Table S2. Cell Type Identification. Related to Figure 1 and Table 1. (A). Top TF markers for original Seurat clusters. (B) Top overall markers for original Seurat clusters. (C) Mapping Seurat clusters to cell types. (D) Top TF markers for each mapped cell type. (E) Top overall markers for each mapped cell type. (F) Sub-clustering for the ciliated epithelium. (G) Sub-clustering for the neuro-ectoderm.
Table S3. Cell Type Summary. Related to Figure 1 and Figure 2. (A) Cell type counts. (B) Cell type proportions. (C) Final set of cell type marker genes with references.
Table S4. Developmental Screen Targets and sgRNAs. Related to Figure 4. (A) Target genes known to be embryonic lethal in mice. (B) sgRNA primers used for cloning. (C) Indel amplification primers used to assess sgRNA editing rates. (D) sgRNA editing rates.
Table S5. Neural Disease Screen sgRNAs and Differentially Expressed Genes. Related to Figure S4. (A) sgRNA primers for cloning. (B) Summary of differentially expressed genes (DEGs) for each gene knockout in each broad cell type. (C) Differentially expressed genes in neurons. (D) Differentially expressed genes in Neural Progenitors. (E) Differentially expressed genes in Muscle. (F) Differentially expressed genes in Immune cells. (G) miRNA Sequences, Target Sites, and Lineage Specificities.
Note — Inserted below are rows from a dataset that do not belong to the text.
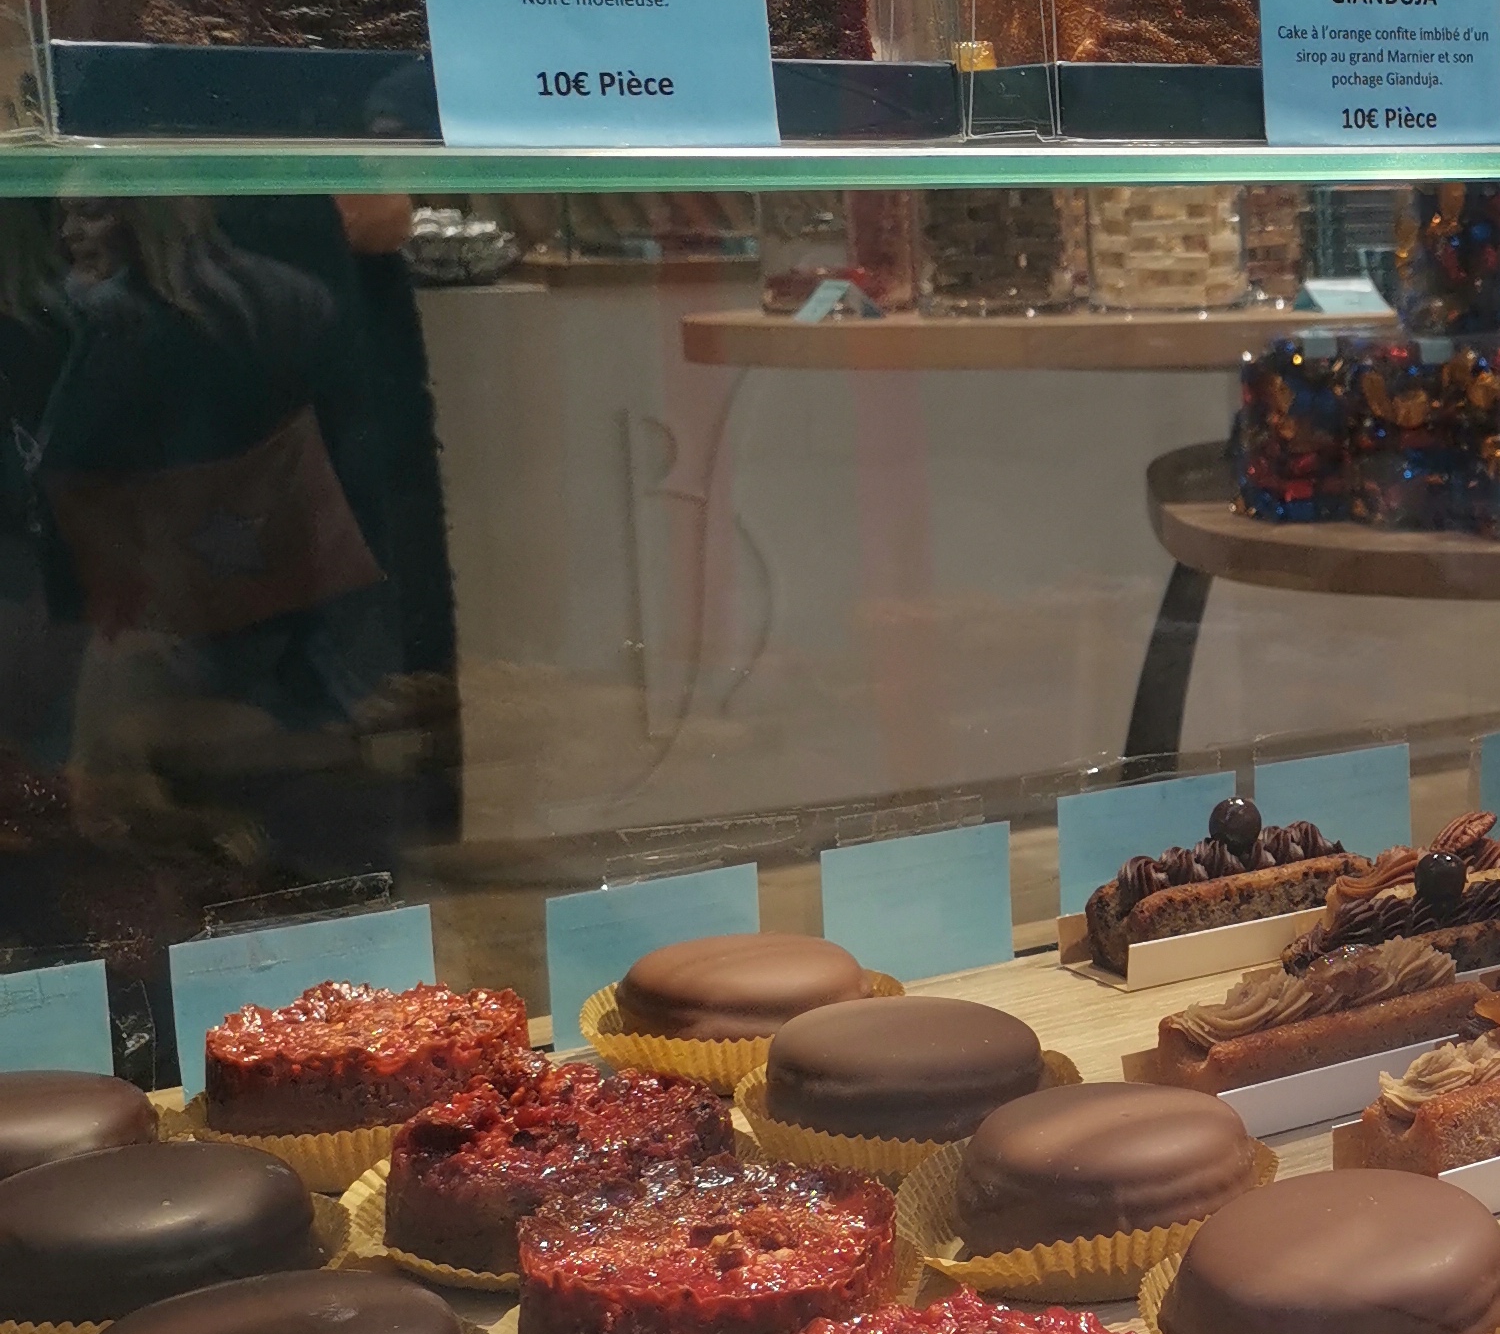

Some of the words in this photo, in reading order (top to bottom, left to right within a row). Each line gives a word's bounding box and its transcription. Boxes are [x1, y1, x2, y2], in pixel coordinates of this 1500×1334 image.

[1277, 24, 1308, 40] Cake
[1310, 24, 1319, 40] à
[1320, 24, 1372, 44] l'orange
[1374, 25, 1417, 41] confite
[1418, 26, 1460, 41] imbibé
[1295, 49, 1328, 66] sirop
[1329, 52, 1346, 63] au
[1348, 48, 1384, 66] grand
[1386, 49, 1435, 64] Marnier
[1437, 52, 1451, 64] et
[1452, 53, 1474, 64] son
[536, 70, 591, 97] 10€
[599, 70, 674, 97] Pièce
[1330, 71, 1384, 89] pochage
[1385, 71, 1443, 89] Gianduja.
[1341, 106, 1379, 129] 10€
[1384, 105, 1437, 129] Pièce
Data Availability Statement
The raw and processed data generated from this study are available at Gene Expression Omnibus with accession code GSE156170
All code used for analysis are available at this github repository: yanwu2014/teratoma-analysis-code. Instructions for reproducing our analysis step by step are also in this repository.